Your copy of the data should match it exactly, except that the pictures are gone.

■ Data extracts ■

■ ■ ■ ■ ■ ■ ■

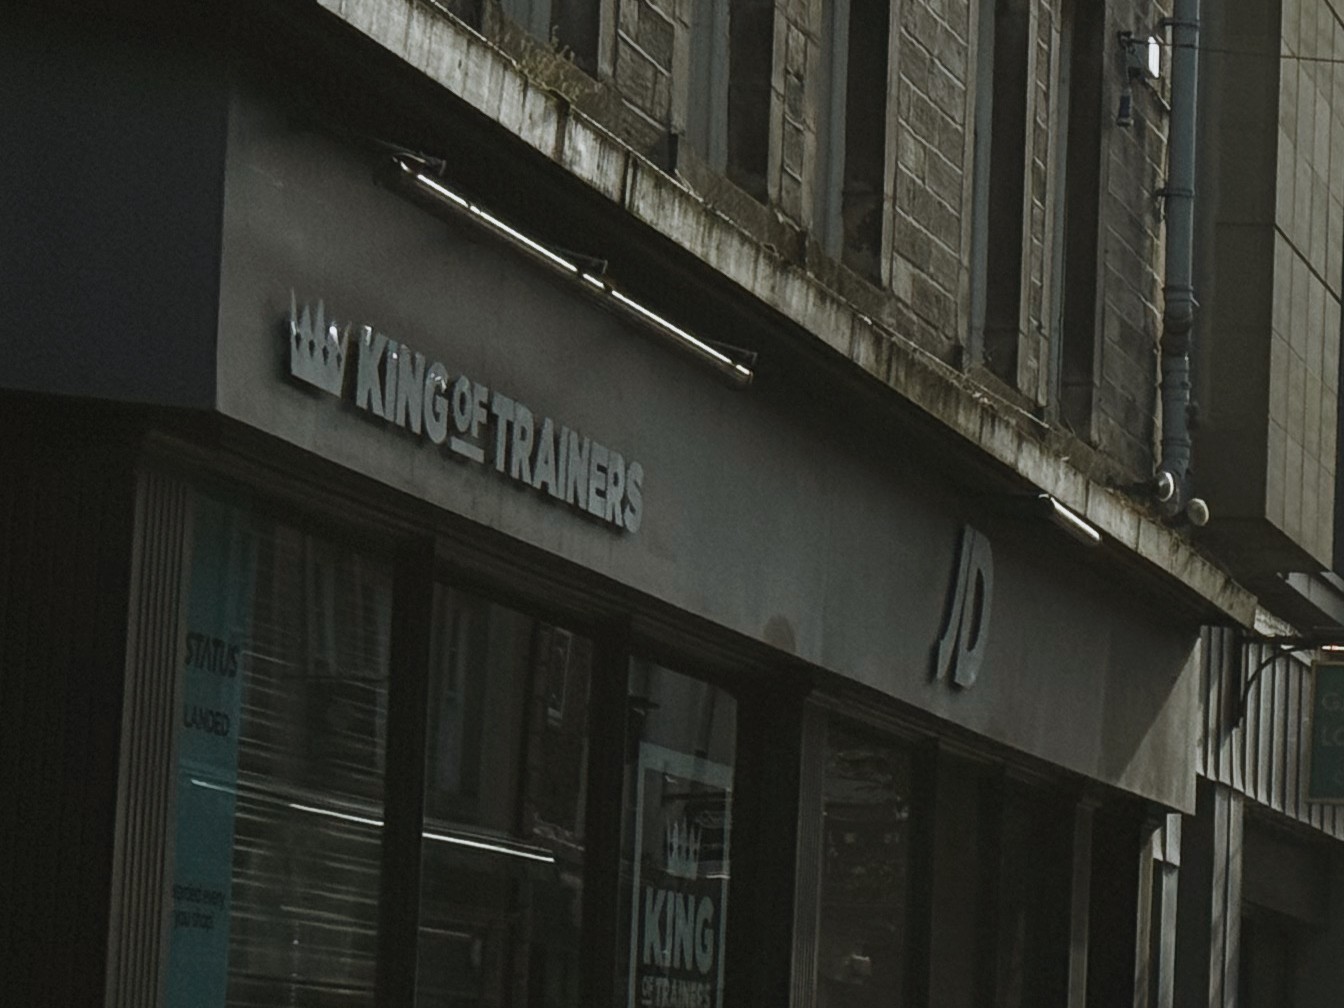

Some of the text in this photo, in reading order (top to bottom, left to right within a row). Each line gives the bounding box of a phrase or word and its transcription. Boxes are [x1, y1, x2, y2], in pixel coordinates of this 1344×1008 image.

[355, 323, 644, 534] KING OF TRAINERS
[186, 632, 239, 679] STATUS
[937, 523, 994, 690] JD
[642, 885, 715, 975] KING

■ ■ ■ ■ ■ ■ ■

■ Output below ■
Some of the text in this photo, in reading order (top to bottom, left to right within a row). Each line gives the bounding box of a phrase or word and its transcription. Boxes are [x1, y1, x2, y2], in pixel coordinates of this 1344×1008 image.

[355, 323, 644, 534] KING OF TRAINERS
[186, 632, 239, 679] STATUS
[937, 523, 994, 690] JD
[642, 885, 715, 975] KING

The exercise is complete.